Red Sands Sea Forts

Red Sands Sea Forts which are also known as Maunsell Forts after the guy who designed them. The trip to the forts takes what seems like an age when you are as excited as I was to see them. We travelled with the charity Project Red Sands, so it was a permission trip. Going with the charity allowed us to board one of the towers and see the inside. The rooms of tower had hardly anything of interest or from its military days left. The weather got increasingly better while on the fort, but the trip was cut short by the sea getting rough. I took my drone that day but because of the metal there were connection problems and it couldn’t take off.

 

History Taken from Atlas Obscura:-

Part of the Thames Estuary defense network, the anti-aircraft tower-forts were constructed in 1942, with each fort consisting of a cluster of seven stilted buildings surrounding a central command tower. When operational, catwalks connected the buildings. Built on land and then transported to their watery homes. The forts were designed by Guy Maunsell, a British civil engineer, later known for innovations in concrete bridge design. Originally there were three of these forts, but only two are left standing: the Red sands sea Forts and the Shivering Sands.
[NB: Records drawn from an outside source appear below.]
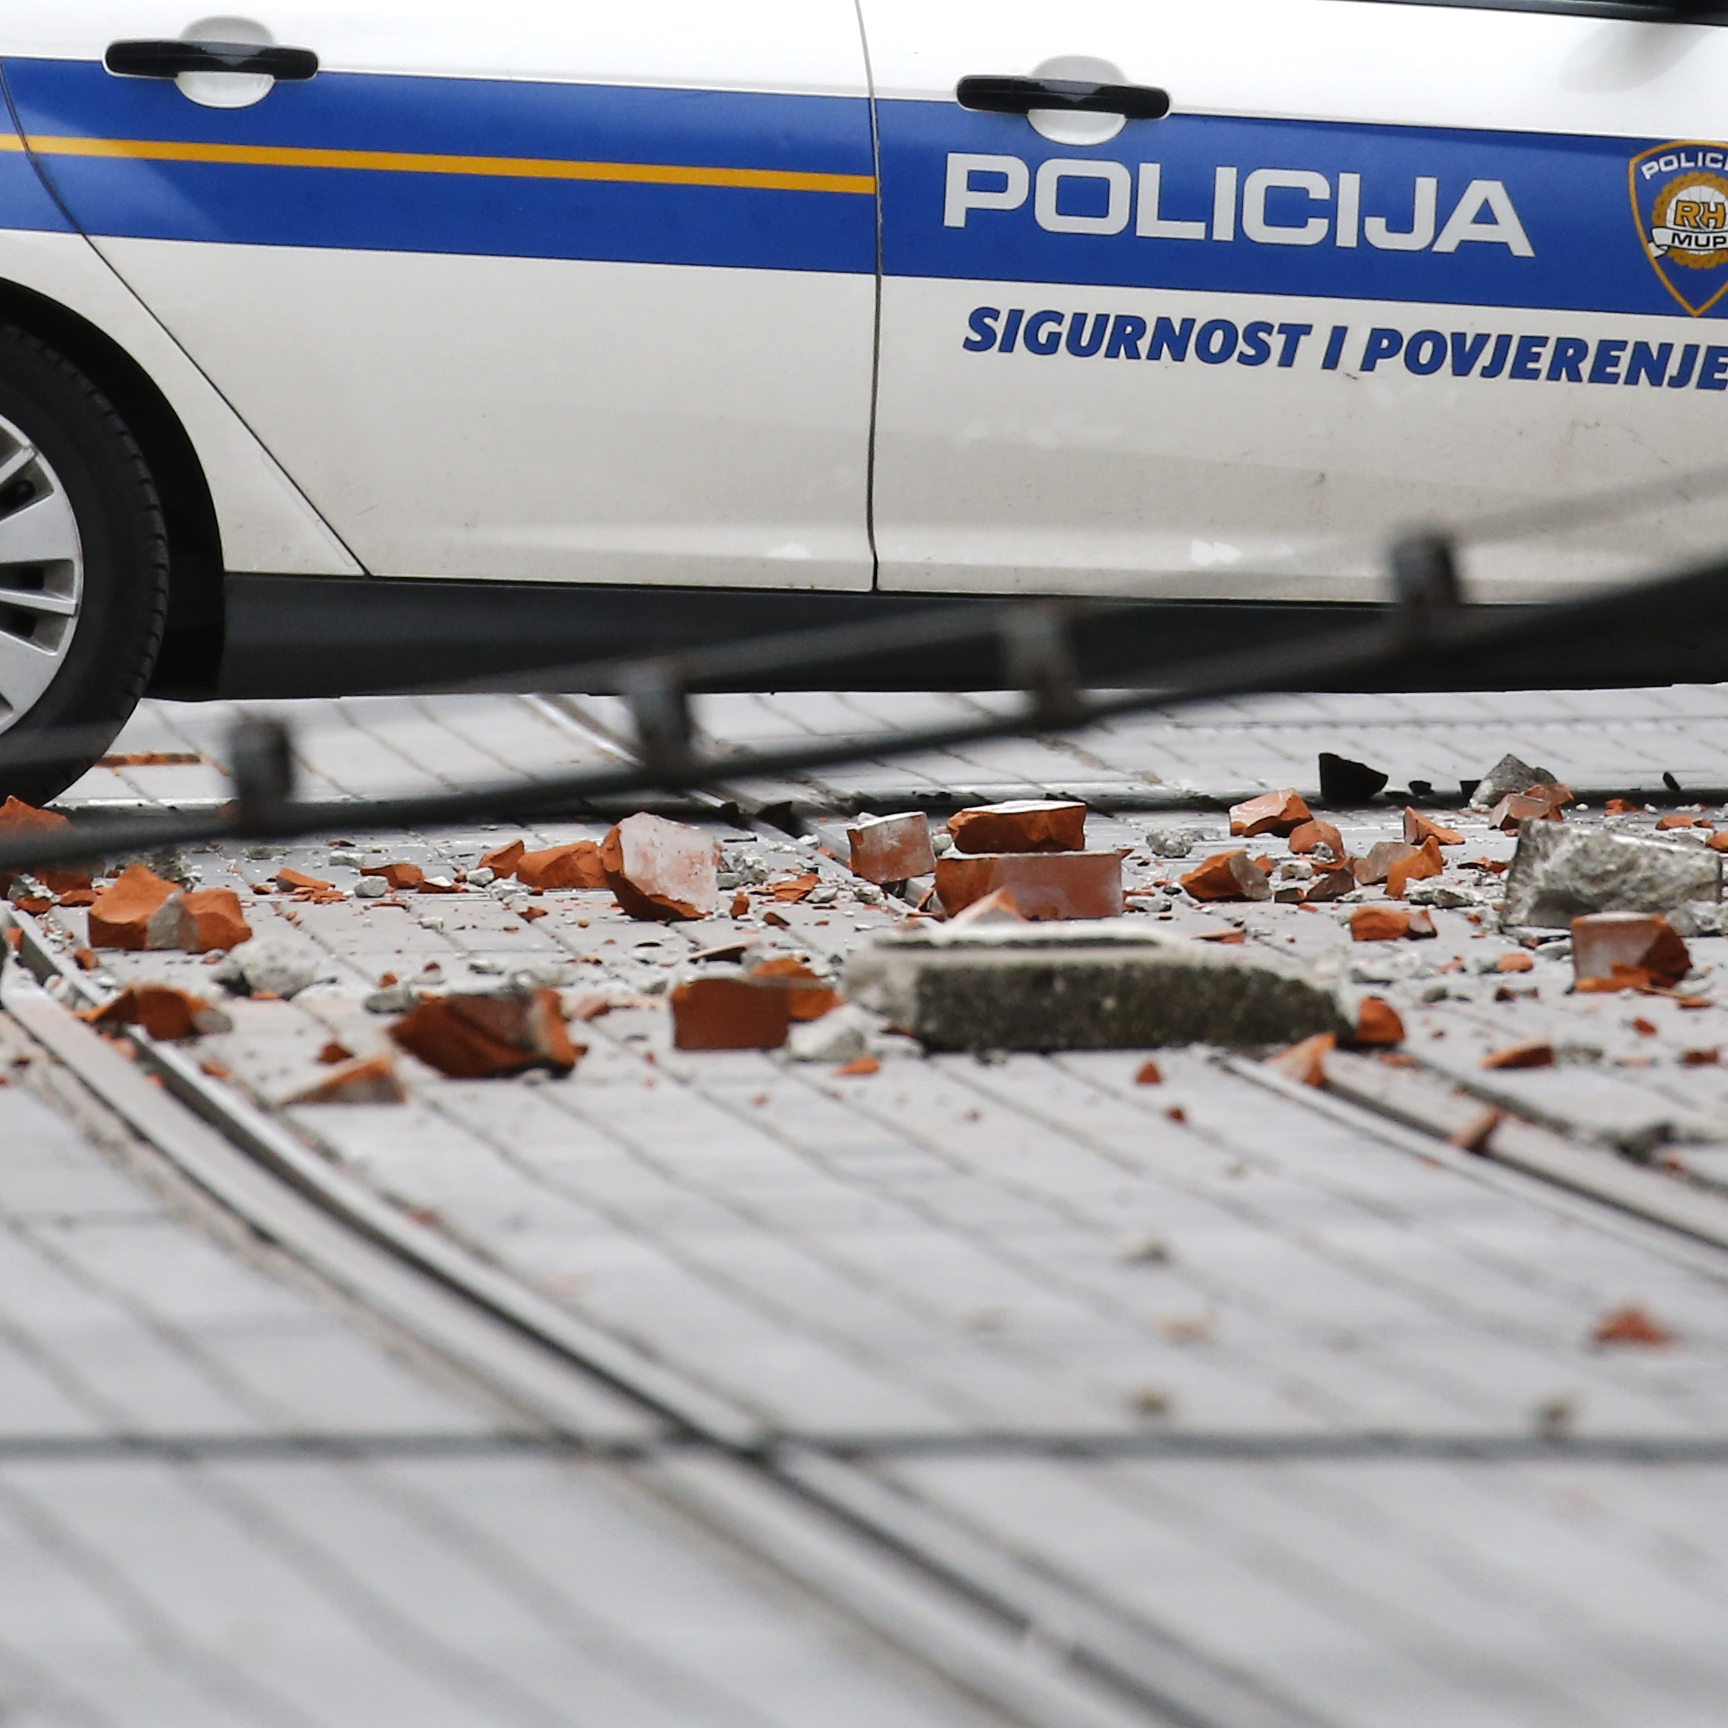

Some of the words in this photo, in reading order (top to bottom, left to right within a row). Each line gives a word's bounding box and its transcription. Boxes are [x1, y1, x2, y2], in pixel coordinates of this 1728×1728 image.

[943, 151, 1536, 258] POLICIJA
[1673, 199, 1727, 229] RH
[1671, 232, 1728, 248] MUP
[962, 306, 1313, 368] SIGURNOST
[1321, 326, 1349, 371] I
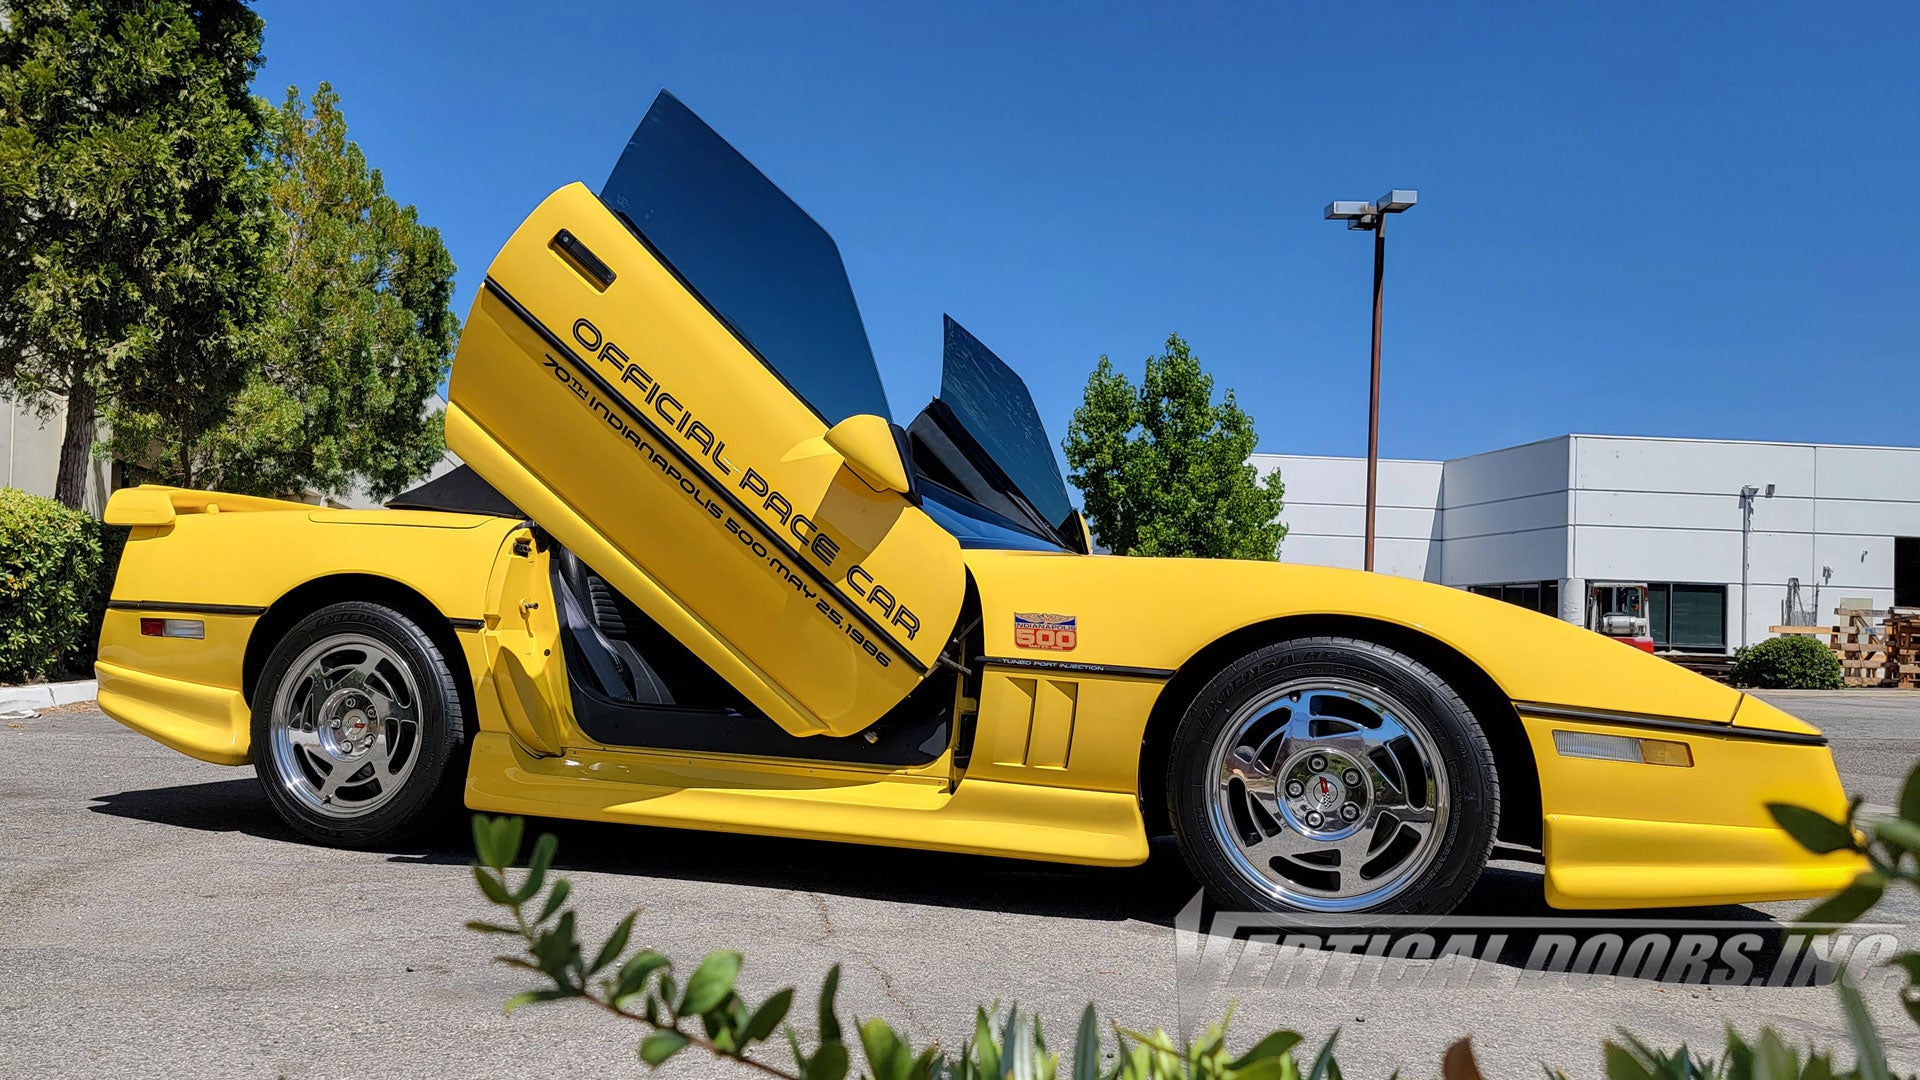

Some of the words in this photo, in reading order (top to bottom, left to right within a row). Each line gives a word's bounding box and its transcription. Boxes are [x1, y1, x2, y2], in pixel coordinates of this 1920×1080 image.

[589, 396, 724, 519] INDIANAPOLIS
[572, 317, 731, 476] OFFICIAL
[739, 467, 841, 567] PACE
[846, 564, 921, 641] CAR
[1014, 622, 1076, 631] INDIANAPOLIS
[1016, 628, 1076, 648] 500
[1002, 658, 1032, 666] TUNED
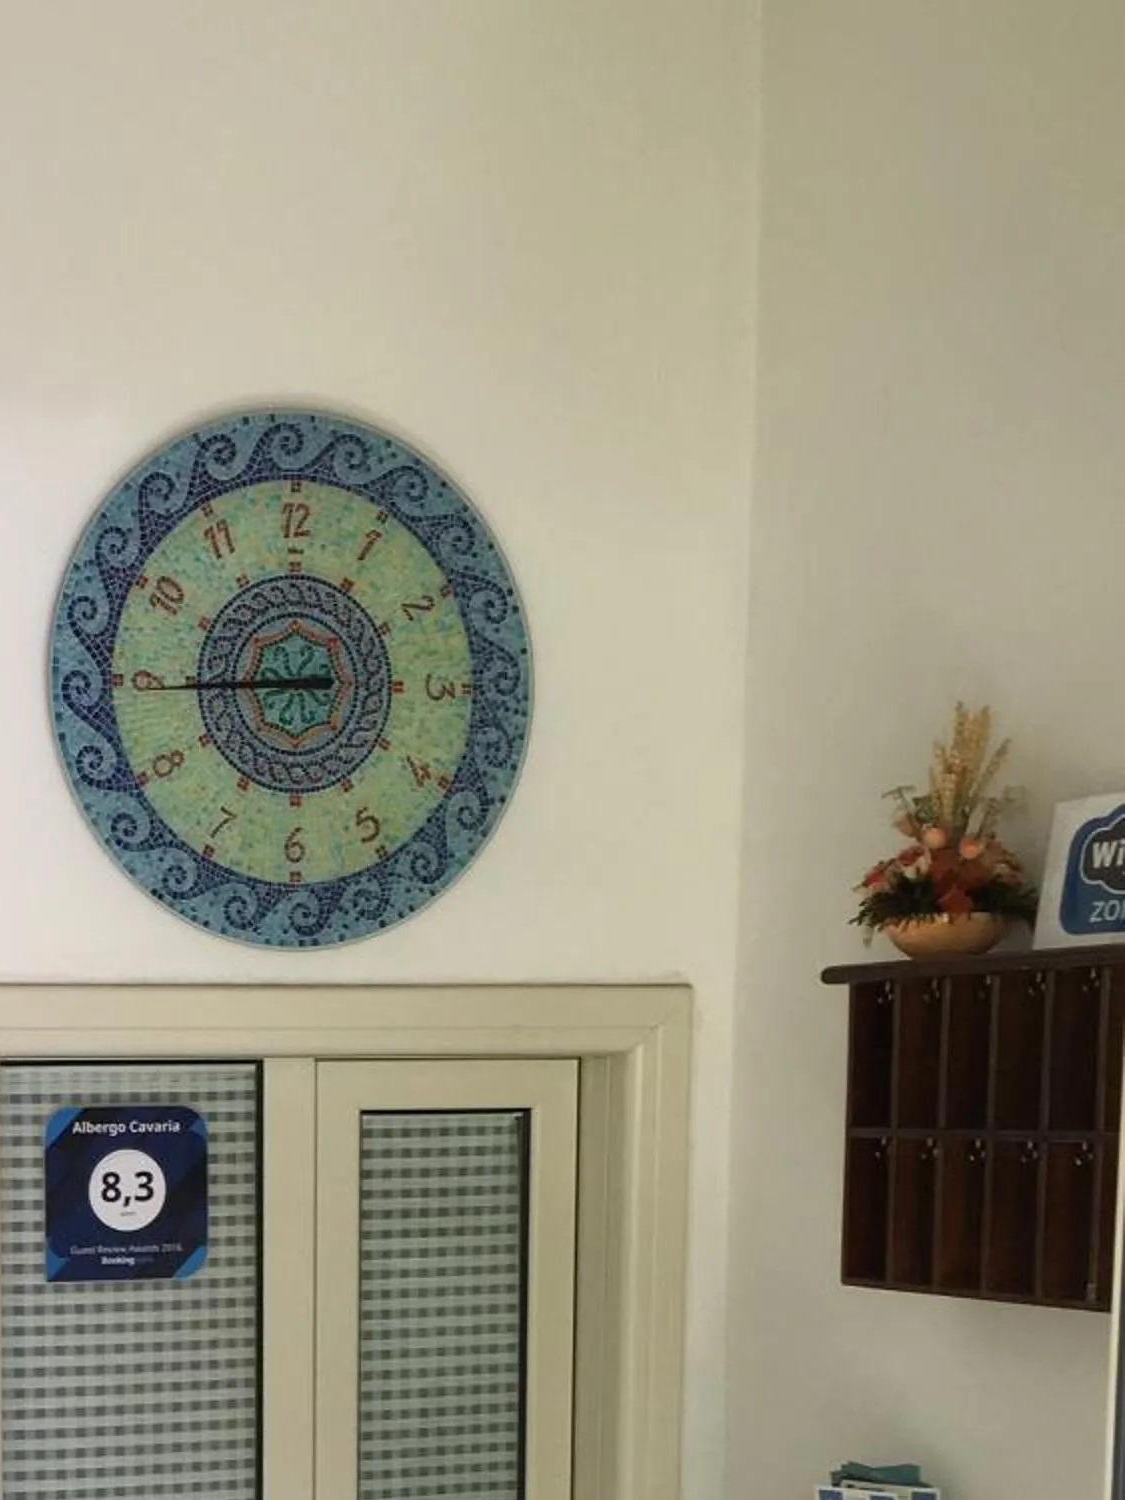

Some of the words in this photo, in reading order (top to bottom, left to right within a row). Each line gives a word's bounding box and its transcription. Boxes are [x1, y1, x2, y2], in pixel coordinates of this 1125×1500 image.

[282, 503, 311, 538] 12
[205, 519, 235, 559] 11
[358, 529, 382, 561] 1
[149, 576, 185, 616] 10
[401, 595, 435, 621] 2
[131, 670, 165, 691] 9
[425, 673, 456, 701] 3
[151, 749, 184, 778] 8
[405, 755, 430, 787] 4
[209, 806, 238, 838] 7
[356, 806, 380, 844] 5
[284, 827, 305, 864] 6
[1089, 899, 1125, 922] ZO
[72, 1121, 126, 1137] Albergo
[129, 1120, 181, 1134] Cavaria
[101, 1171, 154, 1208] 8,3
After their successful wartime career, the forts were decommissioned in the 1950s. The Nore Army Fort was badly damaged by both a storm and being struck by a ship and was dismantled in 1959-60. In the 1960s and 70s, the remaining abandoned forts were famously taken over as pirate radio stations. The micro nation Principality of SeaLand occupies a nearby Navy fort of a different design known as the Roughs Tower, also built by Maunsell. All of the army forts are now abandoned.

In 2003, the Project Redsands organization was formed with the aim of protecting and possibly restoring the Redsands Fort. Red Sands was chosen over Shivering Sands due to its better state of preservation. More recently, the Shivering Sands Fort was occupied by the artist Stephen Turner for 36 days in 2005, roughly the same amount of time a WWII serviceman would have spent at the fort. He described the project as an experiment in isolation and wrote a blog and a book about the project. In 2008 The Prodigy filmed a music video at Redsands.

More photos can be seen here.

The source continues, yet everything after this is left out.